> _Records to use_:
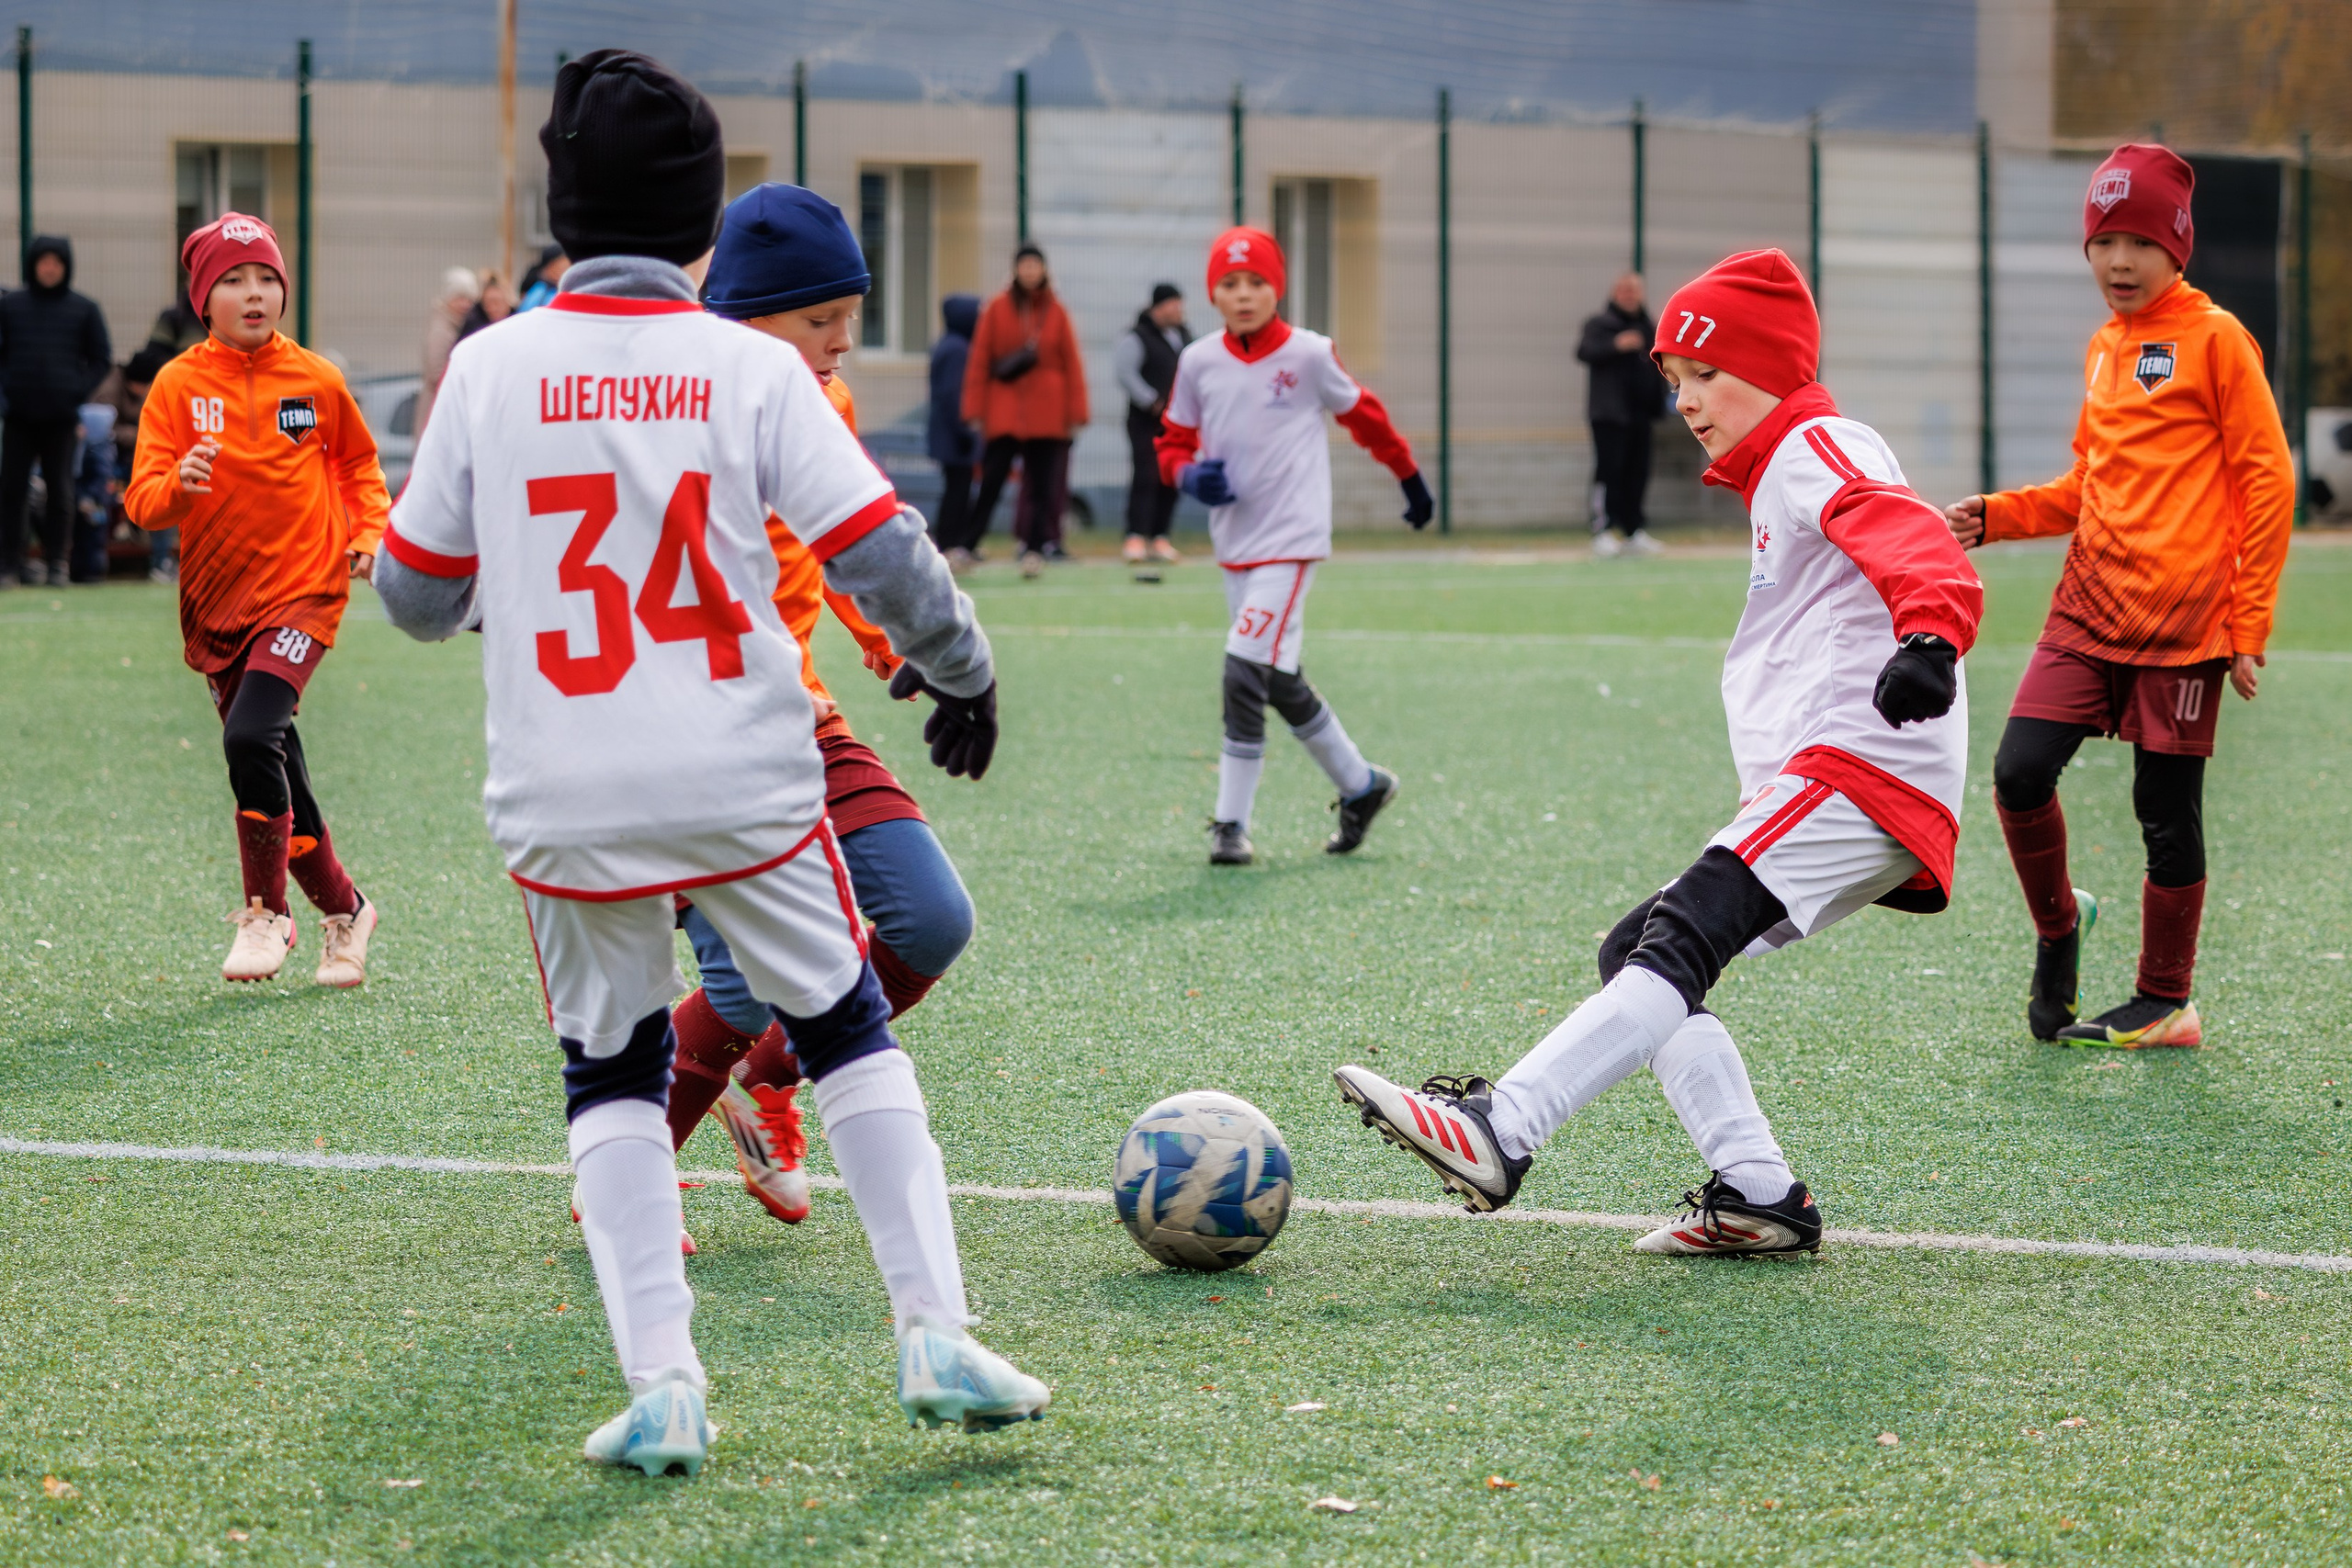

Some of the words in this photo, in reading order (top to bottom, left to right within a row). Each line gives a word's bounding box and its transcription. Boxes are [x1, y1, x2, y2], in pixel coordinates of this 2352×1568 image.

[2174, 208, 2188, 235] 10
[1675, 310, 1716, 349] 77
[2139, 356, 2172, 377] ТЕМП
[191, 396, 224, 433] 98
[540, 375, 712, 423] ШЕЛУХИН
[280, 409, 313, 429] ТЕМП
[526, 470, 753, 697] 34
[1238, 607, 1274, 639] 57
[269, 626, 312, 665] 98
[2176, 678, 2205, 721] 10
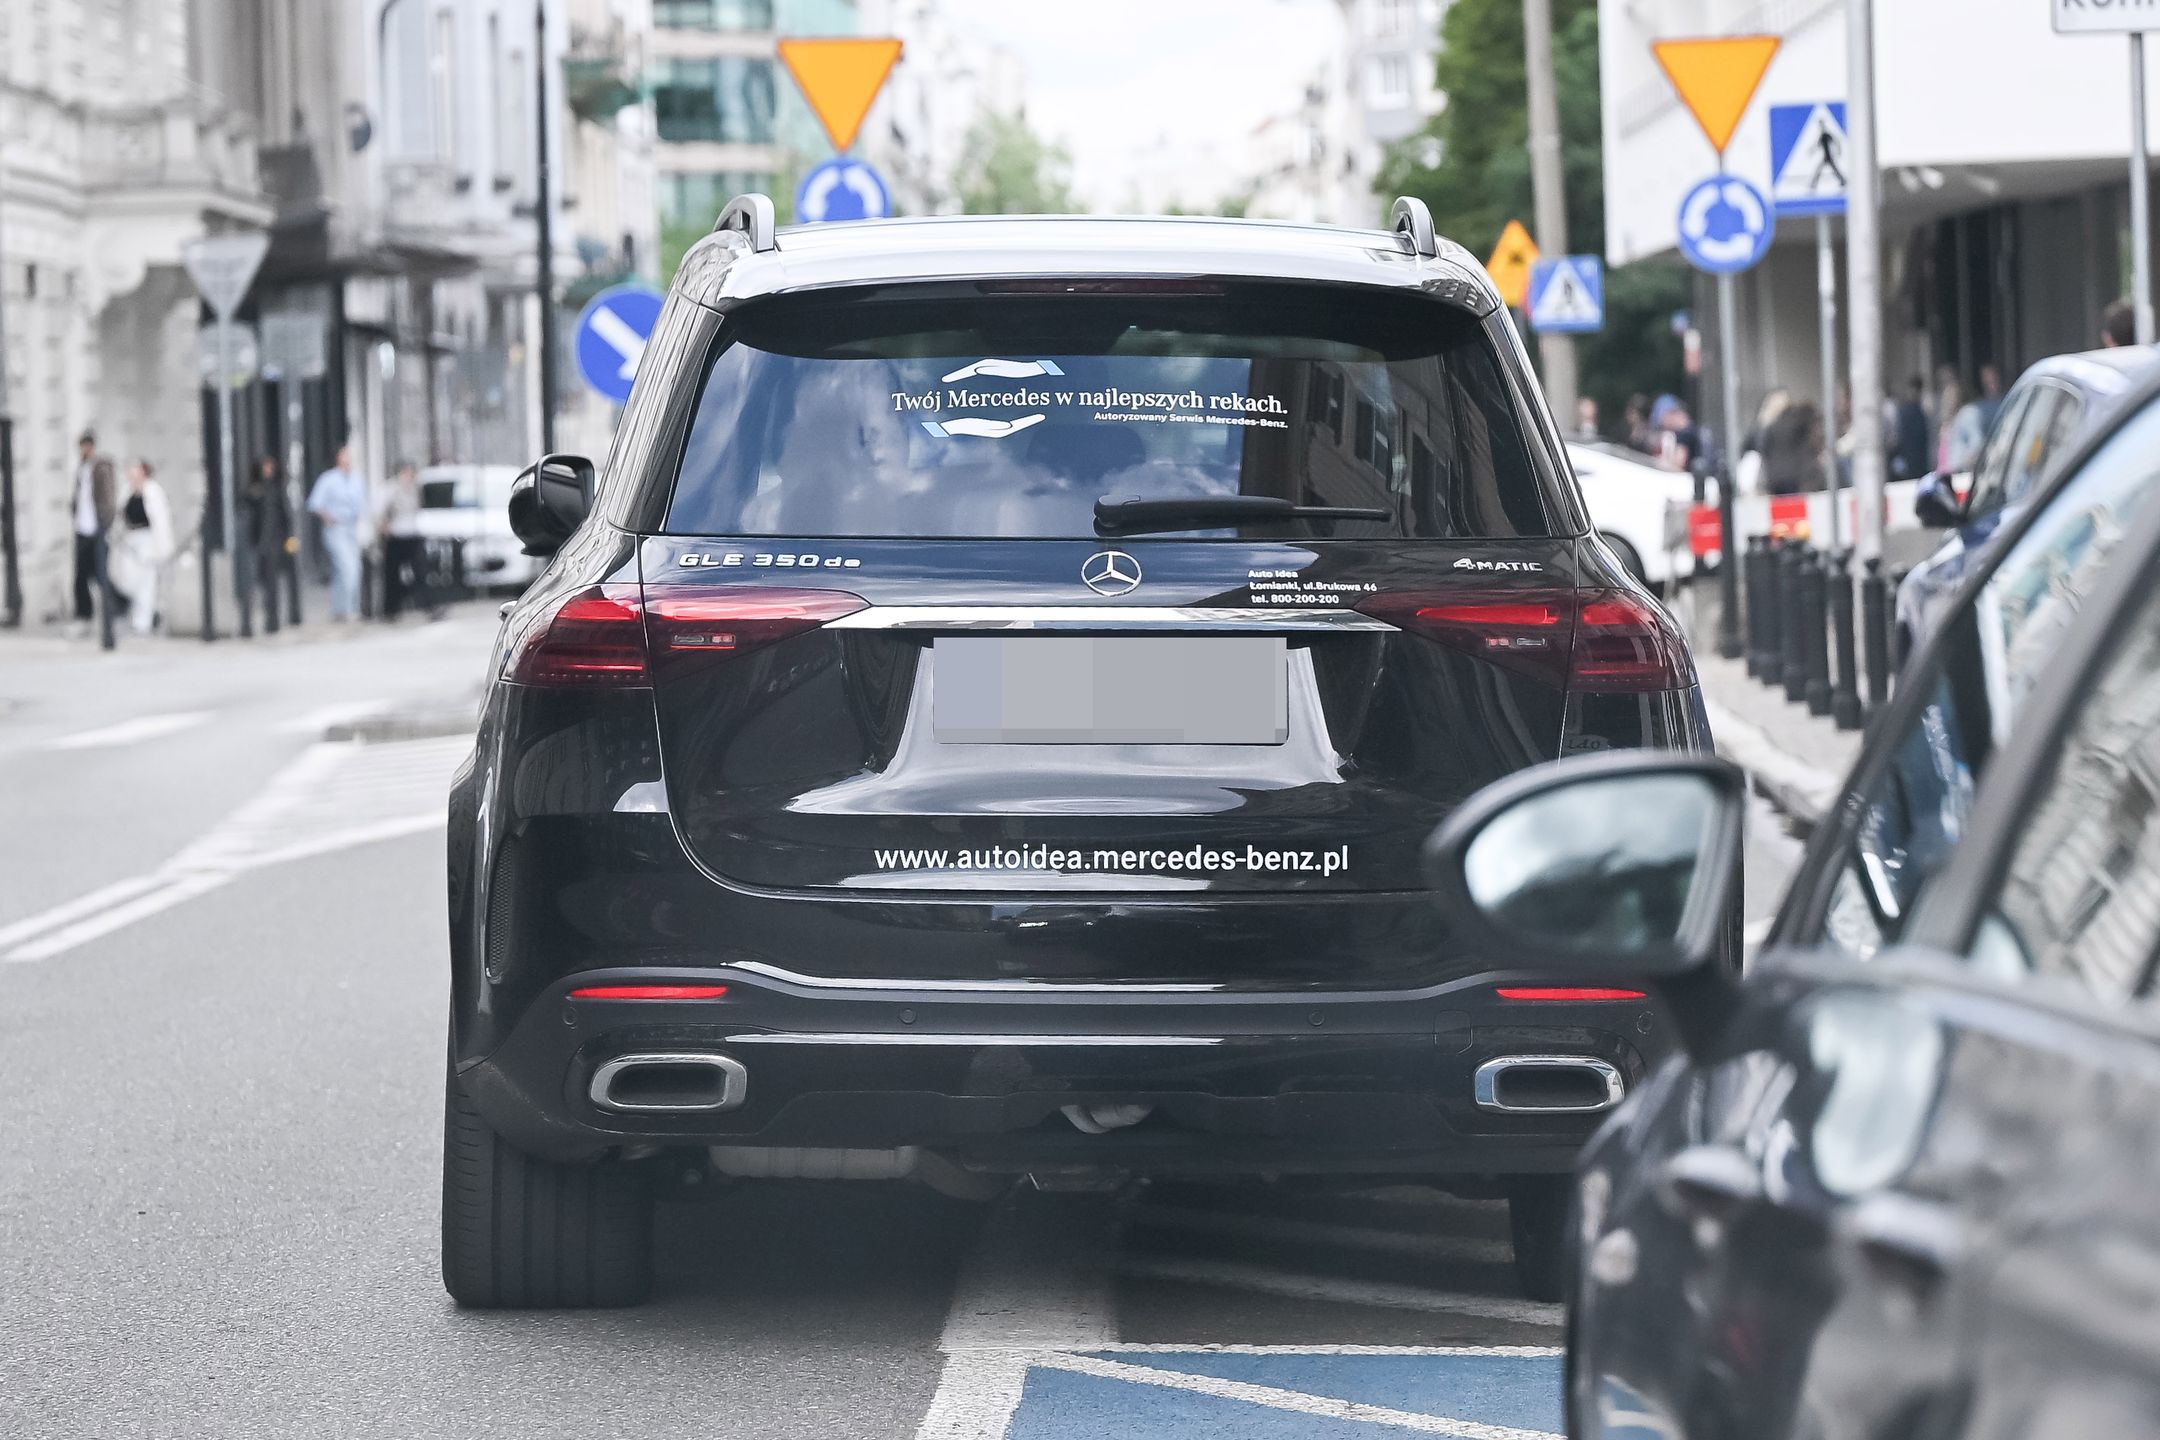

> _Work instruction_: Repeat the listing word for word, but without its pictures.

> _Answer box_:
Some of the words in this photo, in reading order (top to bottom, left to right within a row). Each line gives a word's bounding box and its transcription. Boxes are [x1, y1, x2, y2], in pixel coordinates of this 2352×1568 image.

[2174, 208, 2188, 235] 10
[1675, 310, 1716, 349] 77
[2139, 356, 2172, 377] ТЕМП
[191, 396, 224, 433] 98
[540, 375, 712, 423] ШЕЛУХИН
[280, 409, 313, 429] ТЕМП
[526, 470, 753, 697] 34
[1238, 607, 1274, 639] 57
[269, 626, 312, 665] 98
[2176, 678, 2205, 721] 10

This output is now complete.